More Equifax, Bloomberg and "state-sponsored hackers"

Email update, 10 October 2017

A short one today, to make up for the last few days of wordy emails!

This article from Bloomberg on the Equifax hack has been doing the rounds. The headline is the important bit:

The Equifax Hack Has the Hallmarks of State-Sponsored Pros

No it doesn’t. It has the hallmarks of attackers only slightly more sophisticated than script kiddies.

The attackers used a commodity exploit (which already had a Metasploit module) to gain access to a webserver, and then dropped over 30 webshells to maintain their access, which is amateur-hour stuff.

Unfortunately this is yet another example of poor security journalism: Equifax screwed up monumentally, but headlines like this let them off the hook for their poor practices by making it sound like they were the victim of sophisticated state-level attackers. After all, who can compete against Russia and China?

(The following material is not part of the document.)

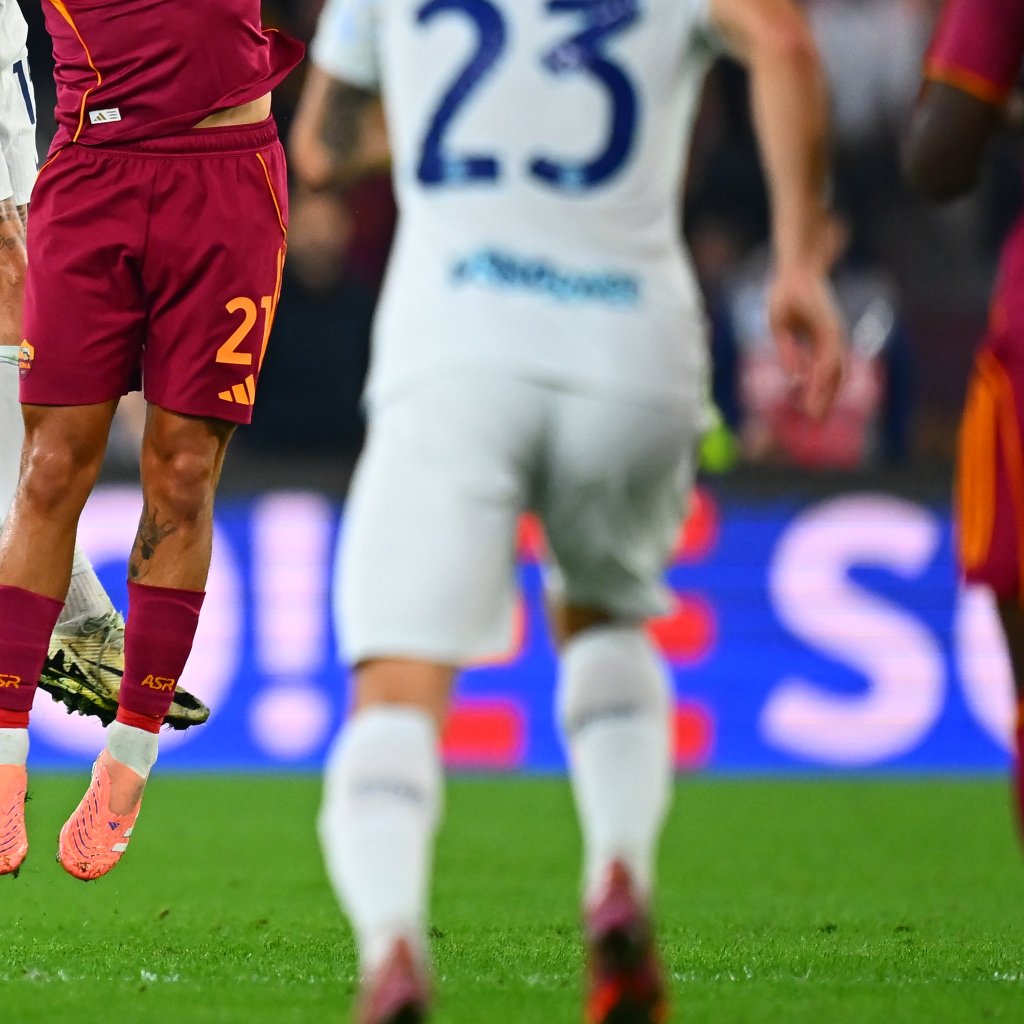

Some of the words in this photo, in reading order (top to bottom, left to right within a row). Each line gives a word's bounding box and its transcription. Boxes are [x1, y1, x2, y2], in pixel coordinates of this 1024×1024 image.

[216, 296, 272, 373] 21
[759, 492, 1014, 766] S
[141, 674, 176, 692] ASR

In reality, they had horrible security practices and paid for it: not noticing 30 webshells sitting on their webserver, and then having 130 million records of extremely sensitive data leave their infrastructure without flagging an alert - this is the stuff of small businesses with no budget, not massive national credit monitoring services.

You can’t even really blame the journalists for articles like this. As we’ve discussed, this stuff is complicated if you’re not in the field, and all “cyber” people are equivalent from the perspective of a layperson. All it takes is a journalist asking the wrong person for advice, and you’re off to the races.

The article is actually worth reading because it contains some interesting inside information about the relationship between Equifax and Mandient, their security firm. Just don’t fall for the headline.